Georgia sent absentee ballot requests to all voters ahead of its June 9 elections, which officials cited in local media estimated would cost at least $5 million. The program helped fuel record primary turnout in a state that has long been solidly Republican but which polls show could be competitive in November.
Secretary of State Brad Raffensperger, a Republican, told state lawmakers late last month there was not enough money to do the same for November, and that the health crisis “has somewhat dissipated.” He instead will ask voters to request their ballot through a website. Raffensperger’s office declined to comment on the funding shortages, or on a rapid rise in COVID-19 cases in Georgia since then.
Most county governments in Georgia don’t have the money to send out requests themselves, said Deidre Holden, co-president of the state’s association of county election officials.
“If Congress doesn’t act we are going to see epic failure once again,” said Holden, an independent, who is also elections supervisor in Georgia’s Paulding County, a Republican-dominated suburb of Atlanta.
In Philadelphia, falling revenues have left an election budget of $12.3 million, instead of $22.5 million that officials proposed in early March. The city’s vote could be critical: Pennsylvania is a state where Trump won by less than a percentage point, and about a fifth of its registered Democrats live in Philadelphia.
The city expects about $750,000 in CARES Act grant money, but it already spent more than its expected grant holding its June 2 primary, its top election official, Commissioner Lisa Deeley, told Reuters.
LaVera Scott is director of elections for Ohio’s Lucas County, a Democratic-leaning area including Toledo in the battleground state that elected Democrat Barack Obama twice, but voted for Trump in 2016. Local officials asked her to cut her budget by 20%, and she has ruled out buying some safety equipment such as Plexiglas sneeze guards for more than 300 polling stations that the county hopes to operate.
“Feasibly, that’s not a cost that we can do here,” she said.
Scott also worries about not having enough staffing. Elderly polling workers are sending her apologetic greeting cards to say they won’t do the job this year for fear of catching the virus, she said.
RESULTS? “WHO KNOWS WHEN”
Voting rights advocates and election experts have been warning for months that a chaotic election could cause voters to question the results. Worse, if those results are delayed, a candidate could claim victory prematurely.
Without further federal funding, some election boards in Michigan won’t be able to buy new machines to count ballots faster, or cover all the postage costs of mail-in ballots, Secretary of State Jocelyn Benson told Reuters.
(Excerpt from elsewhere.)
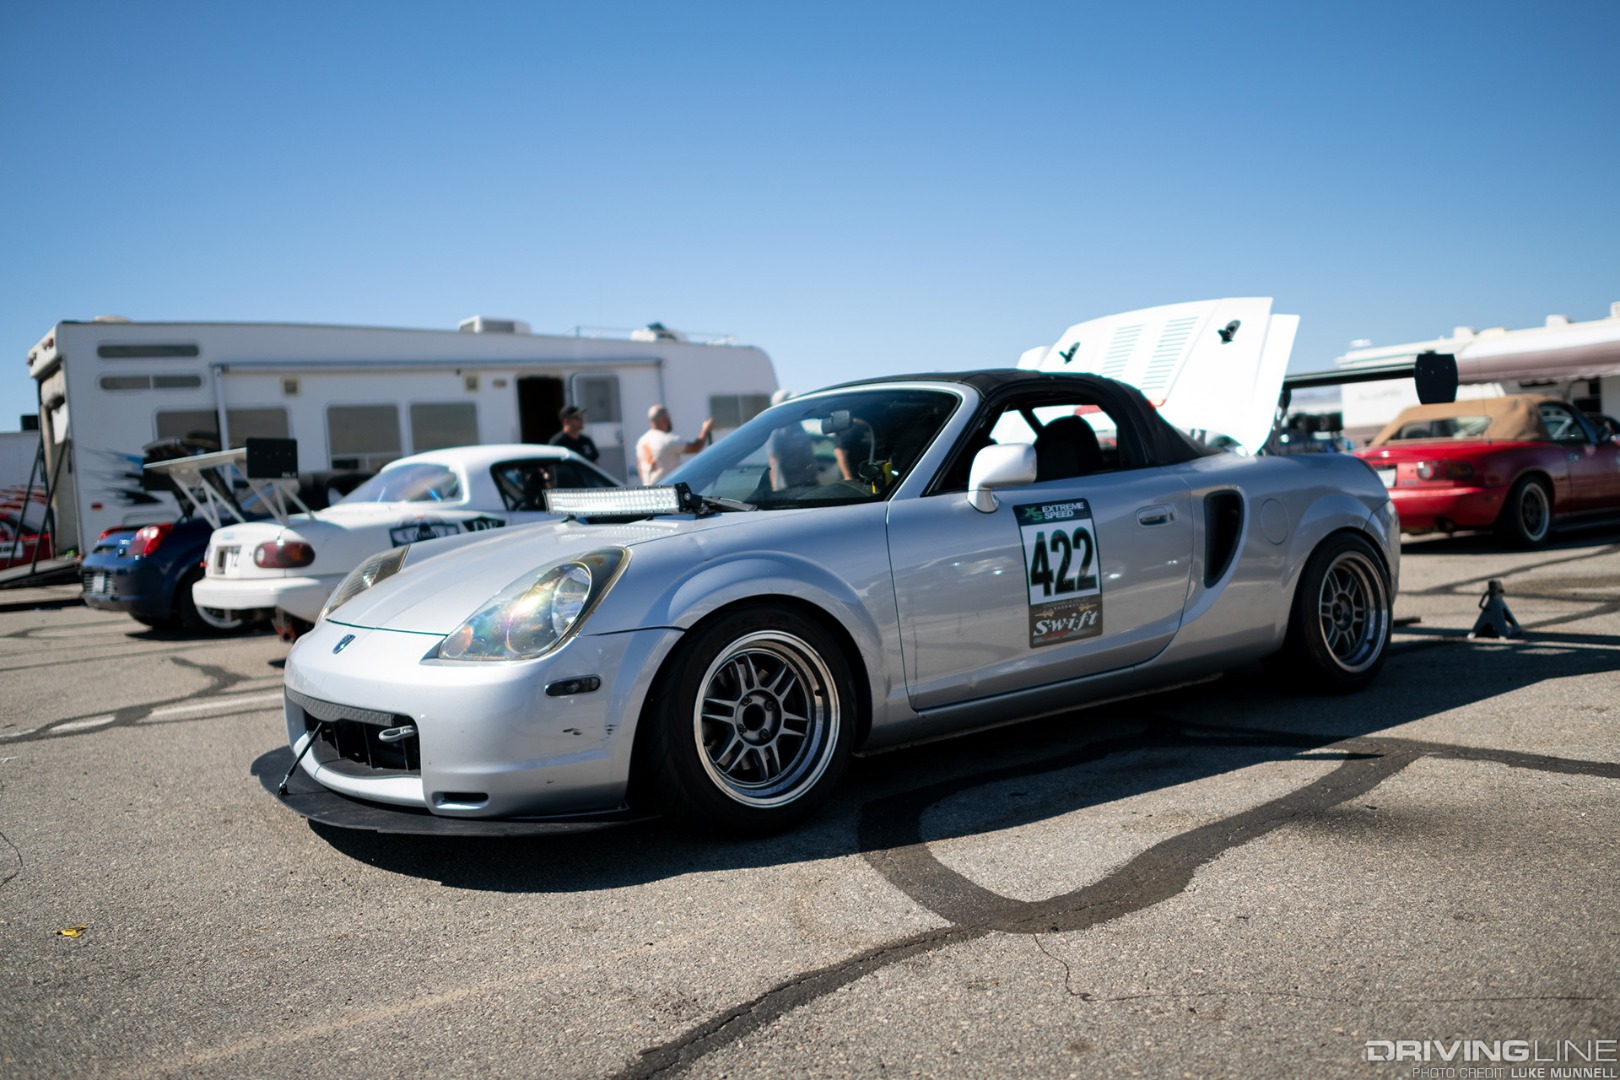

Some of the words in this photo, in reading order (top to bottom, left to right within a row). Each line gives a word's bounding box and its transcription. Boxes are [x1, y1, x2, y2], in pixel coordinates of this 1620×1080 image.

She told U.S. House lawmakers in June that the state needs $40 million from the federal government, far above the $11 million allocated to the state under CARES Act.
“This means … that election results may not be available until long after election night,” Benson, a Democrat, said in an emailed statement.
Michelle Anzaldi, the clerk for Michigan’s Pittsfield Charter Township, a suburb of Detroit, said her current vote-counting machines take between three and five seconds to count each ballot. A newer model can process more than 100 a minute but could cost more than $100,000.
With a budget crunch looming, the count will just have to wait.
“Instead of being tabulated by 10 p.m. at night, it could be who knows when,” she said.